WHAT TO WORK ON:
Repeat all of the data word for word so that only the pictures are missing from the copy.

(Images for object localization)
---

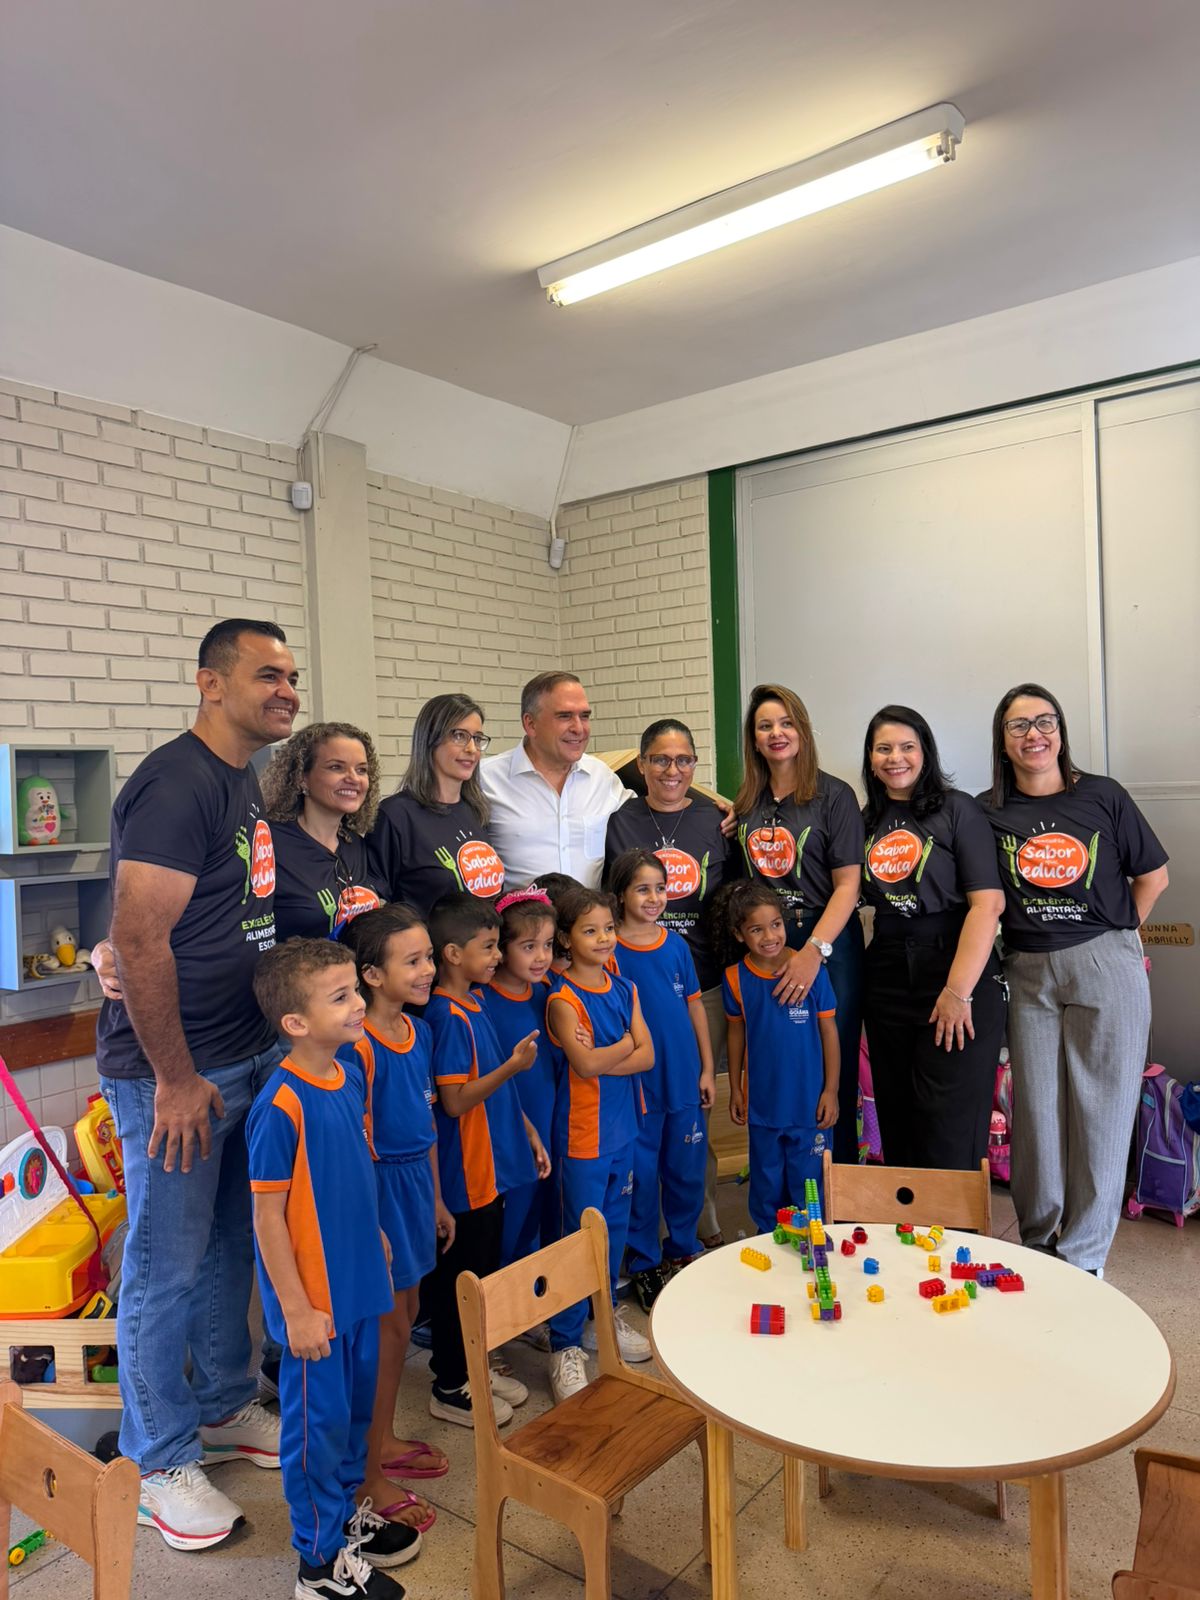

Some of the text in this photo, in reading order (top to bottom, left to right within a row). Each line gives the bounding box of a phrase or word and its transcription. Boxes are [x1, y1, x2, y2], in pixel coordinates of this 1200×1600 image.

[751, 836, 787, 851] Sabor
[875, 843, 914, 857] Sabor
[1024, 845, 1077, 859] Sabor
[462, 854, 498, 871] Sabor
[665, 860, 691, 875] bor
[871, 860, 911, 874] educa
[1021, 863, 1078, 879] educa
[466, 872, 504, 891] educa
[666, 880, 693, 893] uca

---

RESPONSE AREA:
Some of the text in this photo, in reading order (top to bottom, left to right within a row). Each line gives the bounding box of a phrase or word and its transcription. Boxes are [x1, y1, x2, y2], in pixel coordinates of this 1200×1600 image.

[751, 836, 787, 851] Sabor
[875, 843, 914, 857] Sabor
[1024, 845, 1077, 859] Sabor
[462, 854, 498, 871] Sabor
[665, 860, 691, 875] bor
[871, 860, 911, 874] educa
[1021, 863, 1078, 879] educa
[466, 872, 504, 891] educa
[666, 880, 693, 893] uca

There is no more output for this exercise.